- Born: February 2, 1942 (age 84)
- Education: University of Göttingen LMU Munich (Ph.D.)
- Known for: Stellarator physics Quasisymmetry Quasi-isodynamicity Wendelstein 7-X
- Awards: Hannes Alfvén Prize (2010);
- Scientific career
- Fields: Plasma physics
- Workplaces: Max Planck Institute for Plasma Physics University of Greifswald
- Thesis: Lineare und toroidale magnetohydrostatische Gleichgewichte (1969)

= Jürgen Nührenberg =

German physicist

Jürgen Nührenberg (born February 2, 1942, in Berlin) is a German plasma physicist.

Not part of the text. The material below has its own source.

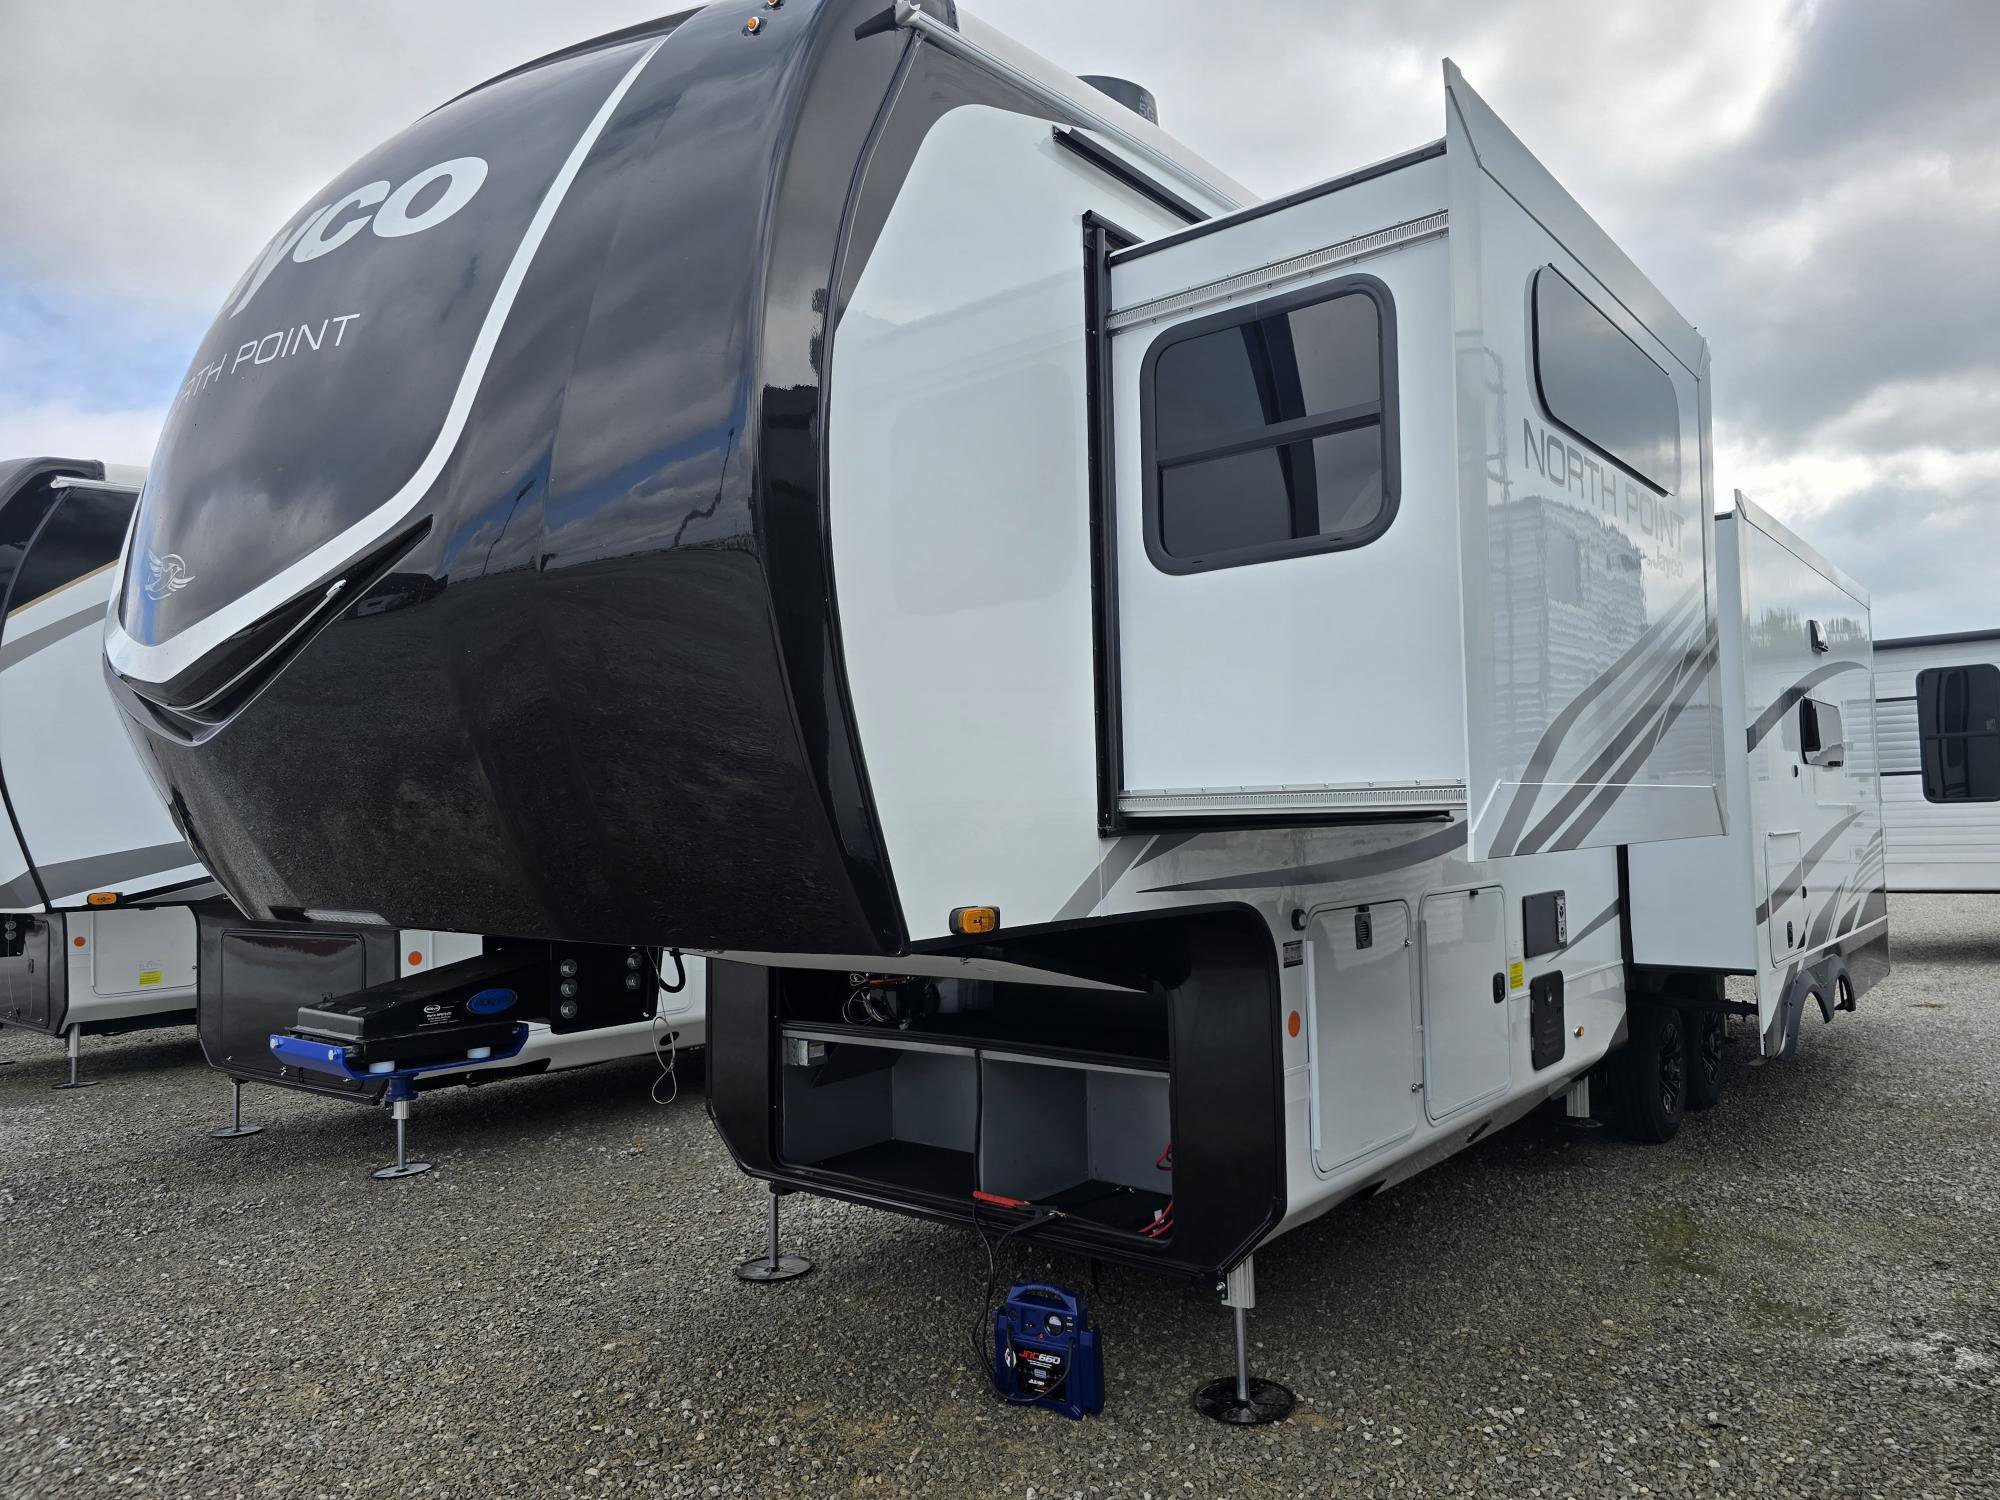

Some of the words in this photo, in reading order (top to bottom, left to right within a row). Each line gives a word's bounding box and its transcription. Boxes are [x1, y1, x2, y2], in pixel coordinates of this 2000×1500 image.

Nührenberg studied physics at the University of Göttingen and LMU Munich, where he received his doctorate from Arnulf Schlüter in 1969 (translated: Linear and Toroidal Magnetohydrostatic Equilibria). He was a post-doctoral student at the University of Iowa and the Courant Institute of Mathematical Sciences of New York University. In 1971, he worked at the Max Planck Institute for Plasma Physics (IPP) in Garching near Munich, where he dealt with the theory of stellarators for controlled nuclear fusion.

In 1979, he became the head of the group "Theorie dreidimensionaler Systeme" (Theory of three-dimensional systems) and in 1981 the head of the group "Stellaratorphysik" (Stellarator Physics). In 1996, he became a scientific member of the IPP. In 1997, he became the Greifswald branch director of the IPP and a professor at the University of Greifswald.

In the 1980s, Nührenberg and Allen Boozer developed methods to optimize the magnetic field of the stellarator in such a way that the stability of plasma confinement became comparable to those of the tokamak. In contrast to tokamaks, stellarators work continuously but have more complicated magnetic fields that do not have simple rotational symmetry. Boozer formulated conditions of stability for the stellarator magnetic fields (including quasi-symmetry) and Nührenberg showed that these could be implemented in concrete magnetic field configurations.

In 1988, Nührenberg published the first ever numerical approximation to quasi-helical symmetry in a stellarator with buildable coils.

These concepts were experimentally implemented in the Wendelstein 7-AS stellarator, and provided the fundamental novel property of the Wendelstein 7-X stellarator in Greifswald and the HSX stellarator in the United States. Since 1990, Nührenberg has been a member of the project management team involved in the planning of the Wendelstein 7-X and has played a key role in its development.

In 2010, he received the Hannes Alfvén Prize with Allen Boozer for "the formulation and practical application of criteria allowing stellarators to have good fast-particle and neoclassical energy confinement".